The story is set in 1630, during the war of Mantuan succession (a spinoff of the Thirty Years’ War), which was devastating northern Italy at the time, even as the plague also wreaked havoc in Milan. Manzoni’s book is the historical novel par excellence, written in the mold of Walter Scott and also reminiscent of the intuitions of Augustin Thierry, another friend of Claude Fauriel. From Thierry—who blamed historians for writing histories of France that paid heed only to great conquerors and military men, and not to traders, workers, and “common” people—Manzoni learned that history is woven by many hands, beginning with ordinary people.
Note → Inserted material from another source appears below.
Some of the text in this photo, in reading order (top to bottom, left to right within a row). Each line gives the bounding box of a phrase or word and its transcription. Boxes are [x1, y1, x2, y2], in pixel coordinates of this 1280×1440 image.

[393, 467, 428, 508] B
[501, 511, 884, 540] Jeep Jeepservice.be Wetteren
Manzoni’s choice of subject was controversial at the time: his friend Niccolò Tommaseo commented in a review of the novel that “a hillbilly can certainly be worthy of no less esteem than a king: but I wonder whether he deserves to be the subject of a novel.”

Manzoni’s interest in common people points to his classical liberalism, which also shows in his understanding of economics. He was a connoisseur of Adam Smith’s and Jean-Baptiste Say’s work. Italian economist (and later President of the Republic) Luigi Einaudi recommended The Betrothed as “one of the best treatises on political economy ever written.”
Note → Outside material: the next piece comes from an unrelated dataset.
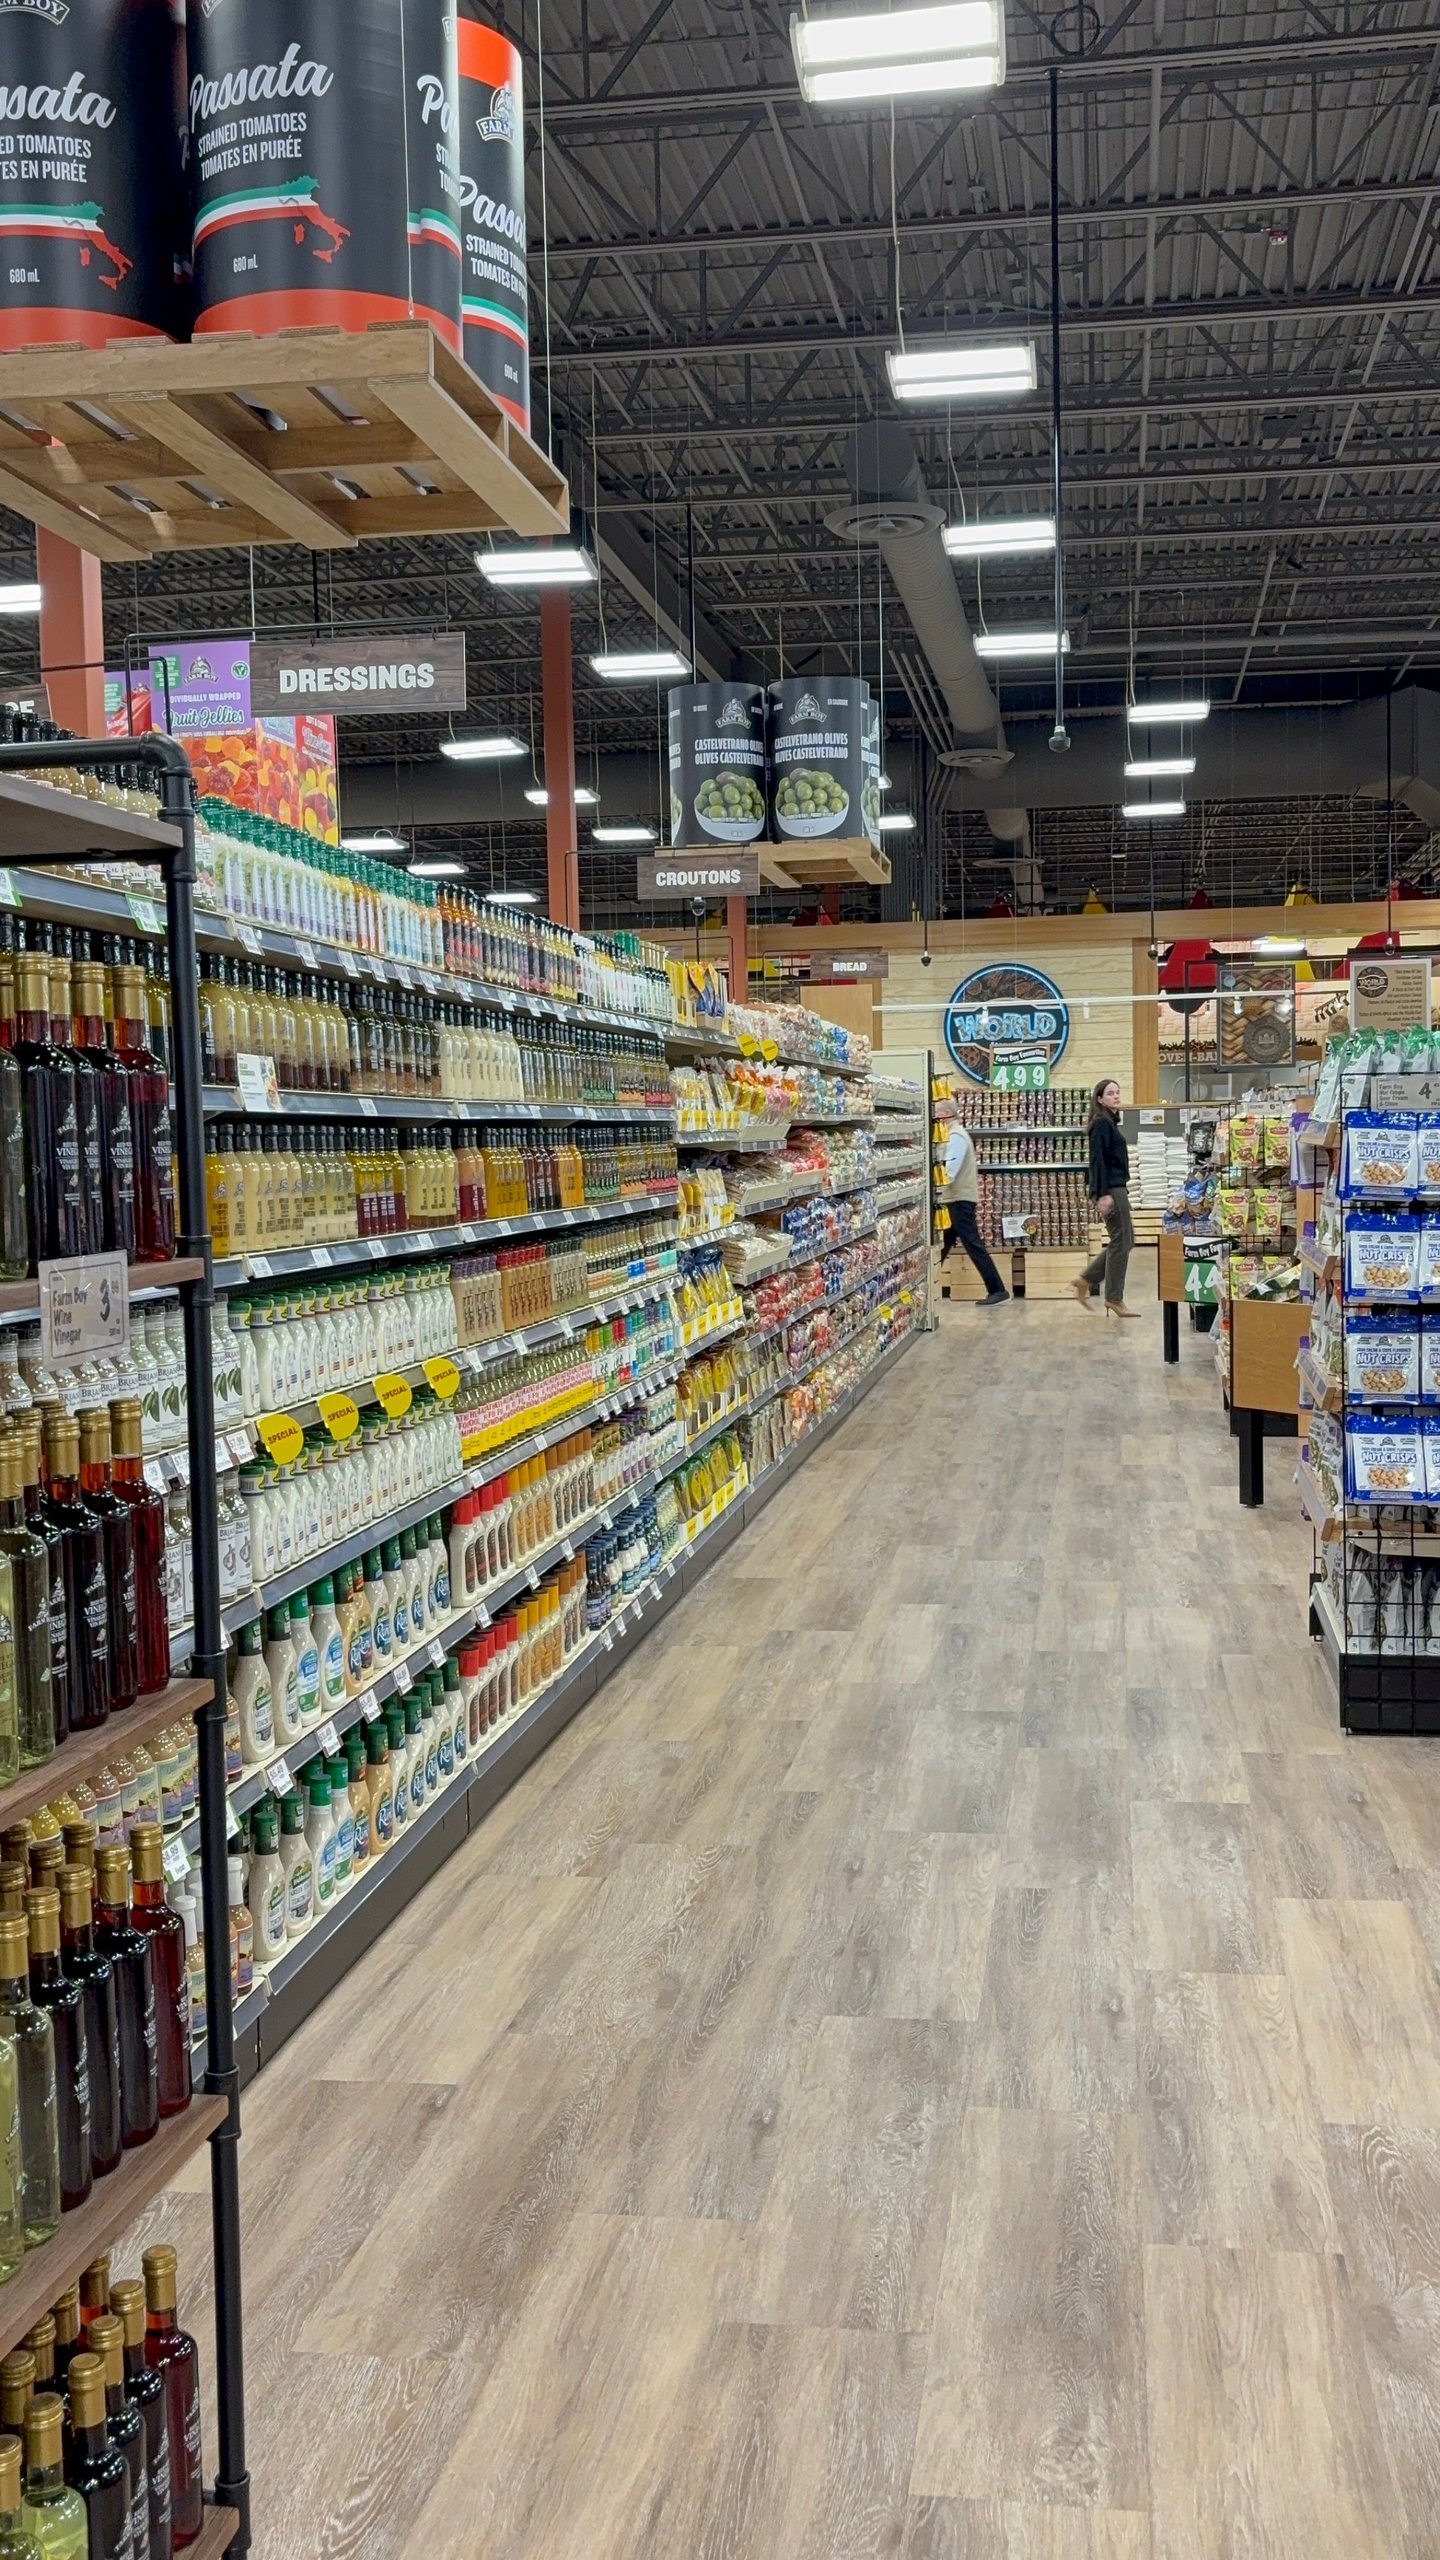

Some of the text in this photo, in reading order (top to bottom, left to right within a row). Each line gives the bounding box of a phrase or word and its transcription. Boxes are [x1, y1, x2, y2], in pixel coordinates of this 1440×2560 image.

The Betrothed includes, in chapter 12, a forceful denunciation of the uselessness of price controls. In years of a meager harvest, and particularly when the circumstances of war exacerbated shortages, there is only one remedy, Manzoni writes: a “rise in prices,” which is indeed “painful” but also “corrective, and inevitable” and may attract supplies from abroad. Setting an artificially lower price pleases the masses but creates no new corn. Manzoni writes that price controls are like “an aging woman who thinks she can be young again by simply altering her birth certificate.”

But Manzoni also understands the psychology of the masses, and why they ask for a solution to the scarcity that is, to quote H.L. Mencken, “neat, simple, and wrong.” The masses forget that they “had feared and predicted” the shortages and “suddenly imagine that there is enough wheat, and the real culprit is that not enough is being sold for consumption: assumptions that are neither in heaven nor on earth but are based in equal parts on anger and wishful thinking.” As Adam Smith wrote in The Wealth of Nations, “The popular fear of engrossing and forestalling may be compared to the popular terrors and suspicions of witchcraft. The unfortunate wretches accused of this latter crime were not more innocent of the misfortunes imputed to them than those who have been accused of the former.” Manzoni understands how people lie to themselves, search for a culprit, and selectively forget that events may have more than one cause. His pages resonate well with what we know from contemporary cognitive psychology.

My only criticism of Moore’s translation is that it does not include a short historical essay Manzoni wrote in 1829, “Storia della colonna infame” (The Column of Infamy). It investigates the proceedings of a 1630 inquiry in which the accused were considered guilty of spreading the plague by smearing people and objects with a venomous ointment (untori). Of course, this was not the cause, but the people of Milan could not accept that the plague, like the shortages, was the outcome of many concurring factors.

Manzoni’s book is hopeful about the role of Providence in human affairs, but he knew well that things often go wrong, that bad things happen to good people, and that history is not necessarily written by “visible hands.” His work is a plea to be mindful of the richness and complexity of human affairs and a robust antidote to the instinctual attitude to search for “enemies” instead of coping with problems and their effects.

Those who tend to diminish the importance of Manzoni in the history of the novel point out that he wrote only one. Beethoven, likewise, wrote only one opera, but that was Fidelio. The Betrothed is a testimony to the power of novels to illuminate history and “the muddle of the human heart.” This new translation is an exceptional chance to get acquainted with it.